Immunizing Trump, Umm Cone, IVF, Unpeach, Biden DNA, Mitch, Ukraine

  • Julian Sanchez, on Threads, had chided those whose view of the Supreme Court had turned to jaded cynicism.
     

    Now he confesses he had been insufficiently skeptical about the integrity of SCOTUS justices:
     

  • Dave Columbo explains how so many Trump shocks get quickly forgotten because of subsequently more shocking Trump shocks.
     
    With a shocking example of shock:
     
  • Green Eagle, always willing to help, has a way for an increasingly forgetful, absent minded, easily distracted, deteriorating Donald Trump to remember an important fact.
     
  • At The Onion, a new poll of likely voters finds only 19% believe the country is ready for a competent president.
     
  • So mr Trump thinks he, his own self, is the reason for the soaring Biden stock market. See, it’s actually caused by the anticipated Trump victory in November. (Uh huh…)
     
    Frances Langum thinks it significant that, of all people on the Fox Network, Neil Cavuto is having none of it.
     
  • At The Moderate Voice, Joe Gandelman suggests that big wins by Biden and Trump in the Michigan primary still represent warnings to both candidates, but perhaps a bigger warning to one than the other.
     
  • The Palmer Report says this past week’s voting in Michigan told us what we need to know about where things stand. Biden got 81% of Democrats, while Trump got 68% of Republicans.
     
    The media, however, keep ginning up stories about bad news for Biden.
     
    In reality:
     
    Protest voting on the Dem side kind of fizzled. Uncommitted got 13%, way fewer than the Biden-gloom many televised analysts projected.
     
    Still, the nobody vote was way more than that of Marianne Williamson. She was ecstatic, though, having edged Dean Phillips by almost a third of a percent (Yay you, moon child!).
     
    My overactive imagination gave me competing preemptive headlines for drama addicted media.
     
    Nobody is more popular among Democrats than Williamson!
    AND
    At least Biden is better than nobody…
     
    Come on! I’m trying, okay?
     
  • Scotties Playtime goes Twittering (or is it Xing) for the intersection of Republicans, Christian nationalists, and November elections.
     
  • As The Psy of Life puts it, Election 2024 should be a shoe‑in for the Democrats. So why the uncertainty?
     
    CalicoJack suggests a neurological reason, combined with such human tendencies as carryover mode, ageism, hindsight bias, fig‑leaf rhetoric, and follow‑the‑leader.
     
    Key complicity:
    The press is doing its level best to make it a politics‑as‑usual horserace election because profits are people too, my friend.
     
  • driftglass restates the case against unexamined, reflexive both sides do it arguments.
     
    Key question:
    What’s more addictive than meth, more profitable than iPhones. more indestructible than Kevlar and easier to make than Top Ramen?
    Come on, folks. Let’s not always see the same hands!
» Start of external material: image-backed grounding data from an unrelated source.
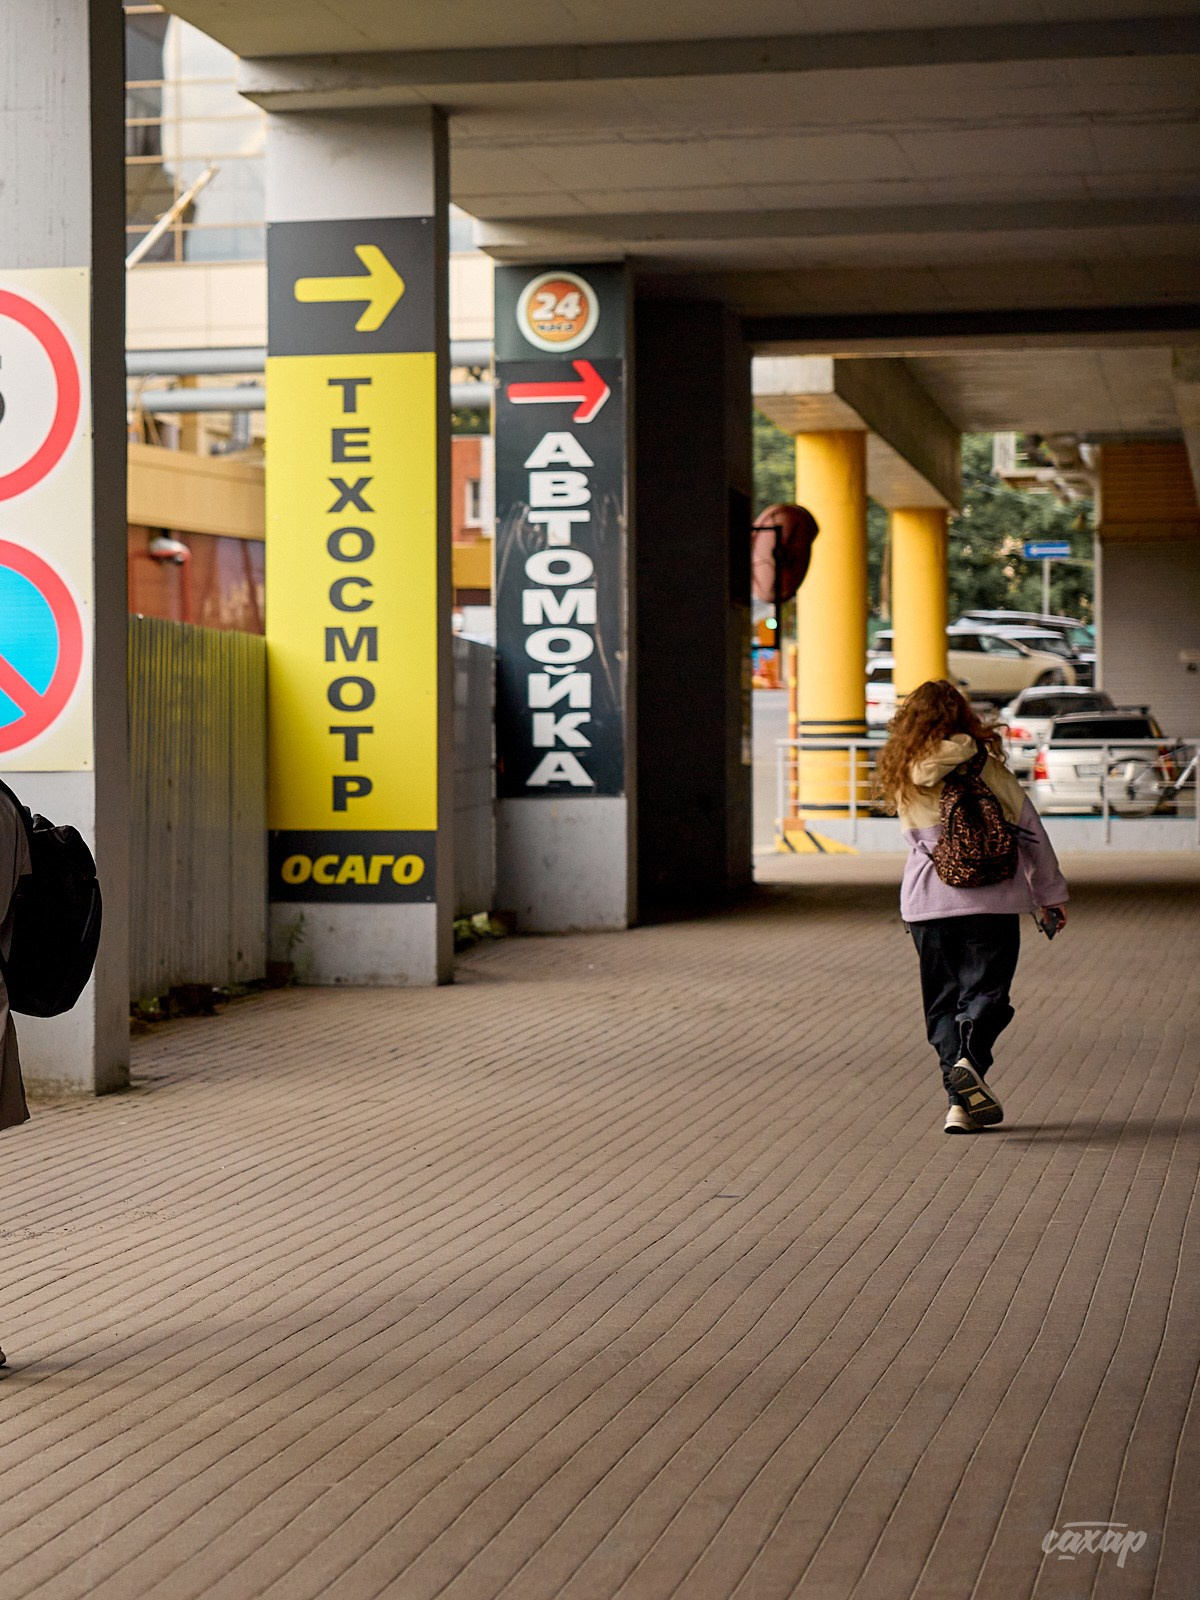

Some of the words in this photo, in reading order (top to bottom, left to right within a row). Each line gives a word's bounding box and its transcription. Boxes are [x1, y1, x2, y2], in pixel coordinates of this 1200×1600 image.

[532, 291, 582, 321] 24
[323, 377, 379, 813] ТЕХОСМОТР
[522, 431, 598, 787] АВТОМОЙКА
[281, 853, 425, 886] ОСАГО
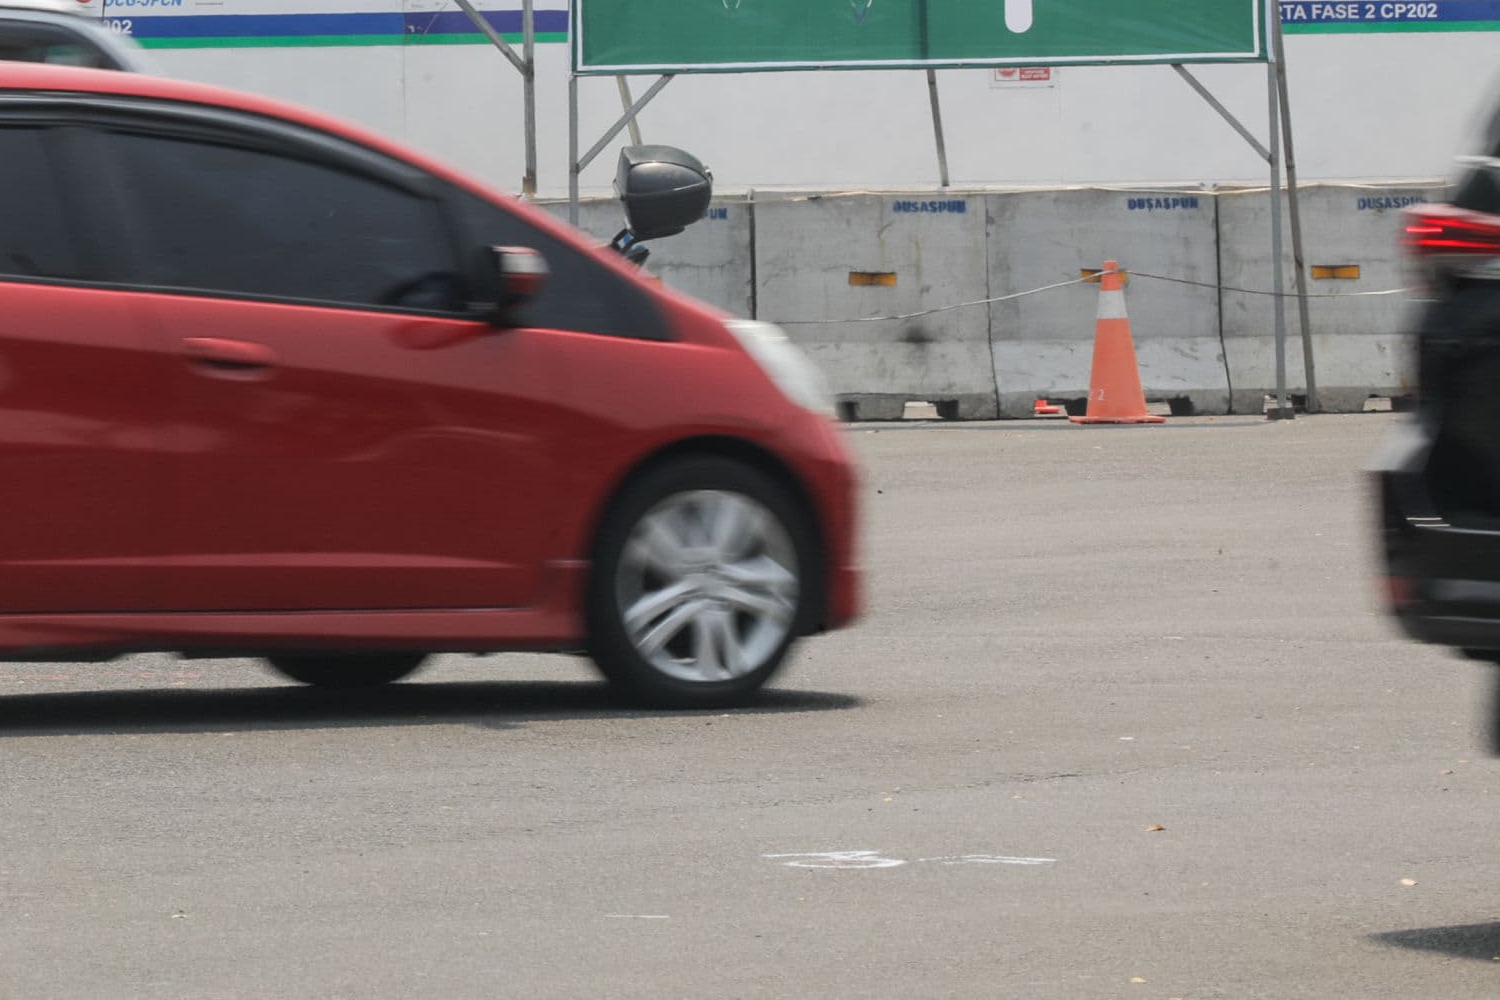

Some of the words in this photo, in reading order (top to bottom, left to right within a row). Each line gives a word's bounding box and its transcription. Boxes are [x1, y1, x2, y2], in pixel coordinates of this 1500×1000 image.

  • In News Corpse, Late Night with Seth Meyers hosts a surprise appearance by President Biden.
     
    Also included: the video, which I now shamelessly steal:

  • Vixen Strangely has fun with Fox and MAGA desperation as they try to revive Obama’s Tan Suit, substituting Biden and unmanly ice cream.
     
  • Tommy Christopher transcribes, documents, and reports as CNN personalities point out that impeachment‑worthy charges against President Biden turned out to false, having been made up by Russian operatives, but speculate that the political damage has already been done.
     
  • In Disaffected and it Feels So Good, it turns out that the Joe‑Biden-must-be-a-criminal-because-Hunter-made-a-lot-of-money-and-didn’t-file-his-taxes‑on‑time impeachment effort has pretty much fallen apart. It turns out the sins of the son are not inherited by the father.
     
    So Fox personality Jonathan Turley goes in the opposite direction. Joe Biden inherited criminal tendencies.
     
    Not exactly from either of his parents. Jonathan found nothing there.
    There were four grandparents, but Jonathan found no record of criminality among them, either.
    Same with eight great-grandparents. Too clean for comment.
    Joe Biden had 16 great-great-grandparents. And for one of the sixteen, Jonathan finally came up with an incident.
     
    Seems during the Civil War, Moses Robinette worked for the Union army. He was attacked by an aggressive someone with a grudge. He pulled a pocketknife while defending himself.
     
    He pleaded self-defense, but a military court sentenced him for attempted murder. President Lincoln himself heard about it and pardoned poor Moses.
     
    Later in life, Moses got married and begat someone.
    That someone got married and begat someone.
    That someone’s someone also fell in love, got married, and well, you know.
     
    Somewhere along the line, someone married into the growing Biden family.
     
    With me so far?
     
    Eventually, Joseph Biden, Sr. and Jean Finnegan met and married in 1941.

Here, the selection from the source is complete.